Charles Joseph Nusbaum (1906-1987), was a native or Oregon, and attended Oregon State College. In 1934, he received his PhD from the University of Wisconsin and was later employed by the USDA and Clemson University. He joined the faculty at North Carolina State University in 1948 and led the Department of Plant Pathology’s tobacco disease research program until his retirement in 1973, as a William Neal Reynolds Distinguished Professor.
Dr. Nusbaum’s pioneering work on the epidemiology of diseases caused by nematodes and the influence of crop rotations on soilborne pathogens earned him international recognition. Indeed, his work anticipated and laid the foundation for disease management and advisory systems that are essential components of integrated pest management, systems ecology and sustainable agricultural practices.

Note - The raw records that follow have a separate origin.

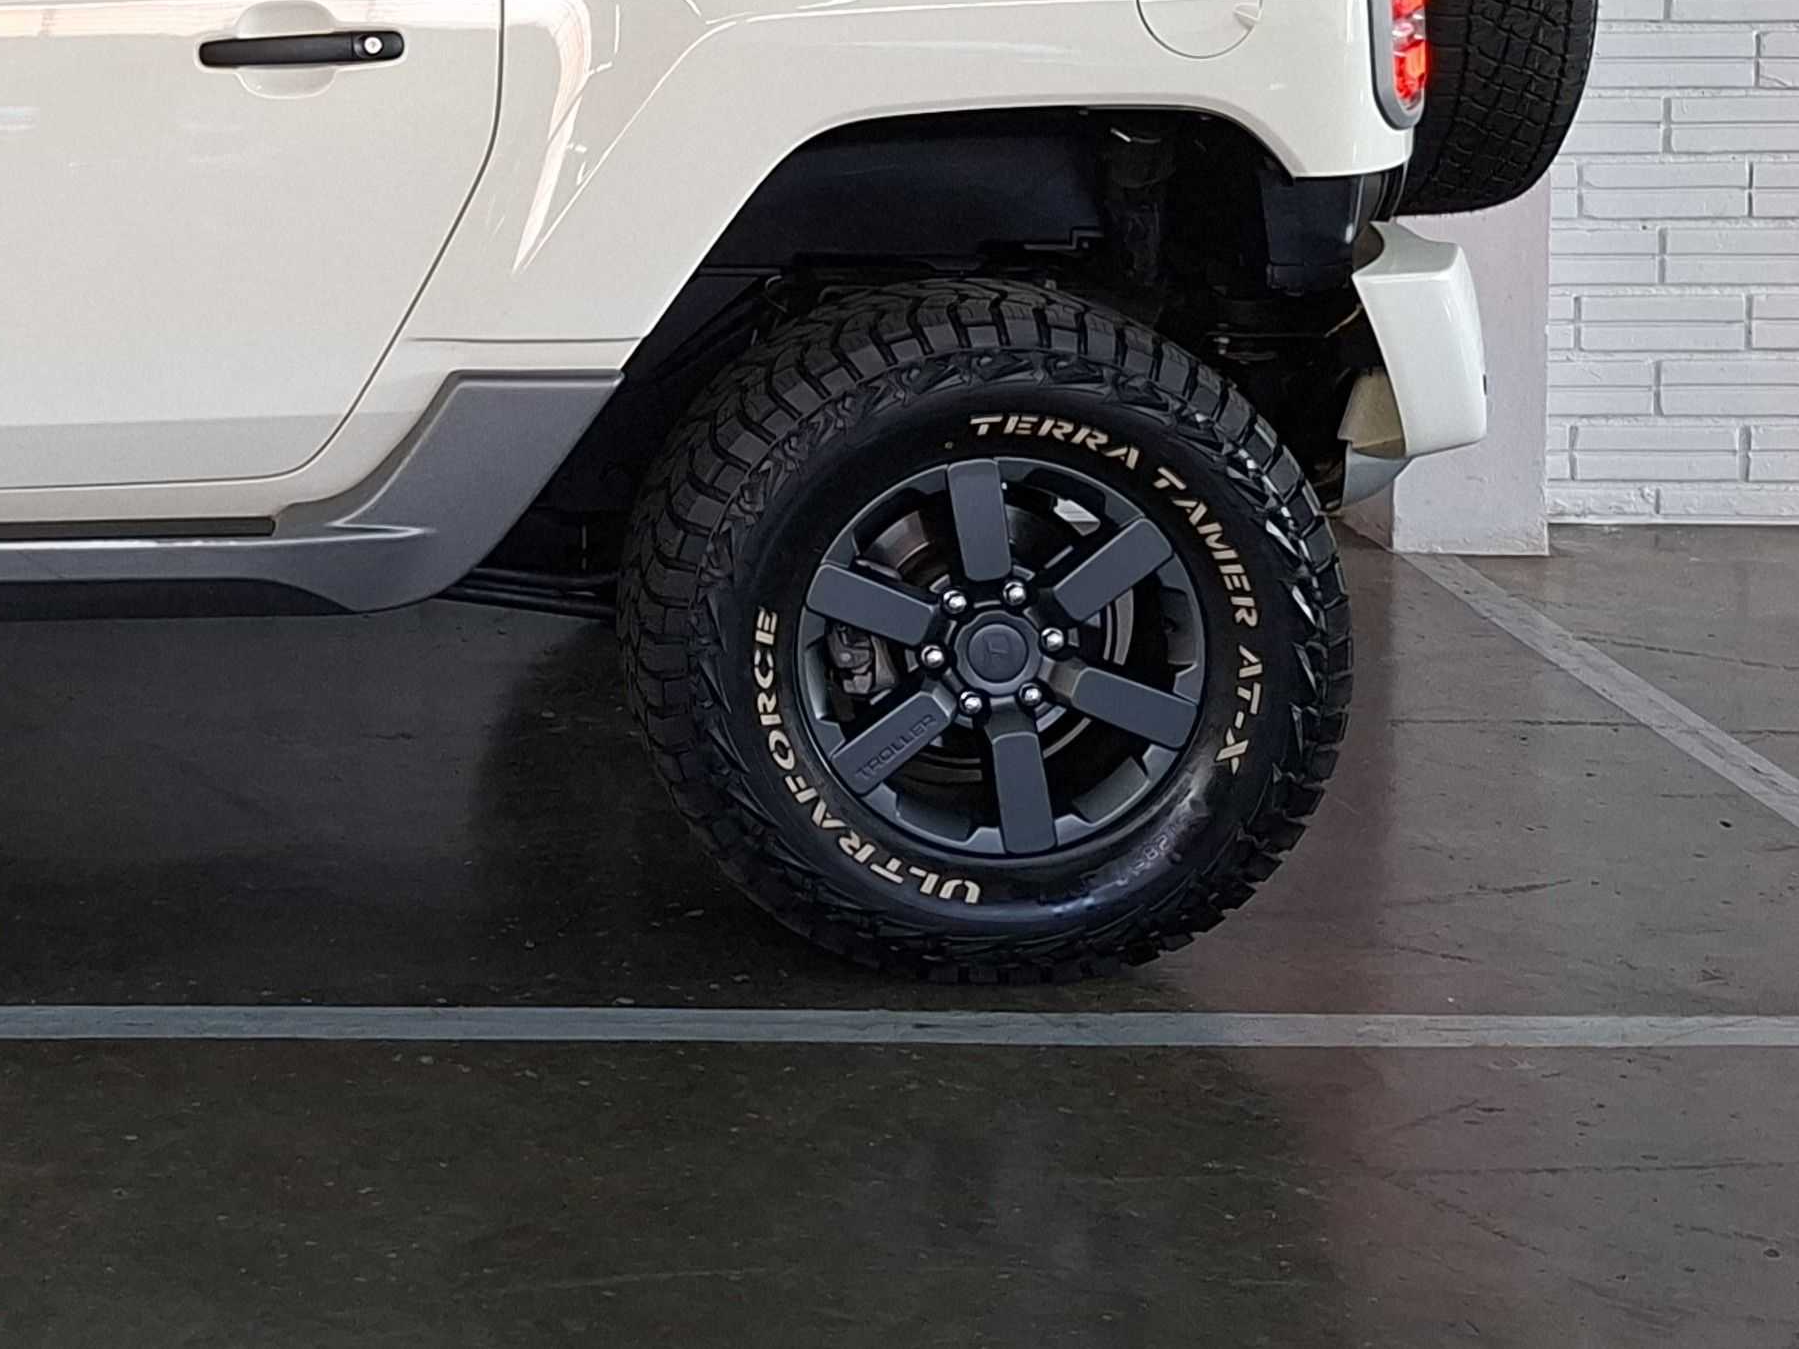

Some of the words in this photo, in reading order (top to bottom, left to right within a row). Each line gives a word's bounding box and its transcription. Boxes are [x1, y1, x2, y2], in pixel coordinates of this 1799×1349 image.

[856, 713, 937, 777] TROLLER
[969, 414, 1142, 471] TERRA
[1153, 466, 1261, 629] TAMER
[1214, 644, 1263, 777] AT-X
[752, 605, 982, 905] ULTRAFORCE

The Nusbaum Conference is supported by an endowment established by Dr. Nusbaum and his wife, Virginia. The biennial series began in 1983 as the Nusbaum Symposium. The theme of the first symposium reflected Dr. Nusbaum’s career-long interests and was entitled “Ecology and Population Dynamics of Soilborne Plant Pathogens.” Subsequent symposia focused on: Recognition and host specificity in plant disease; Genetic modification of plant and microorganisms for disease and pest management; Biological control of diseases; Mycotoxins; Sustainable agriculture; Ecology and evolution of host-parasite interactions; and Land-grant universities in transition.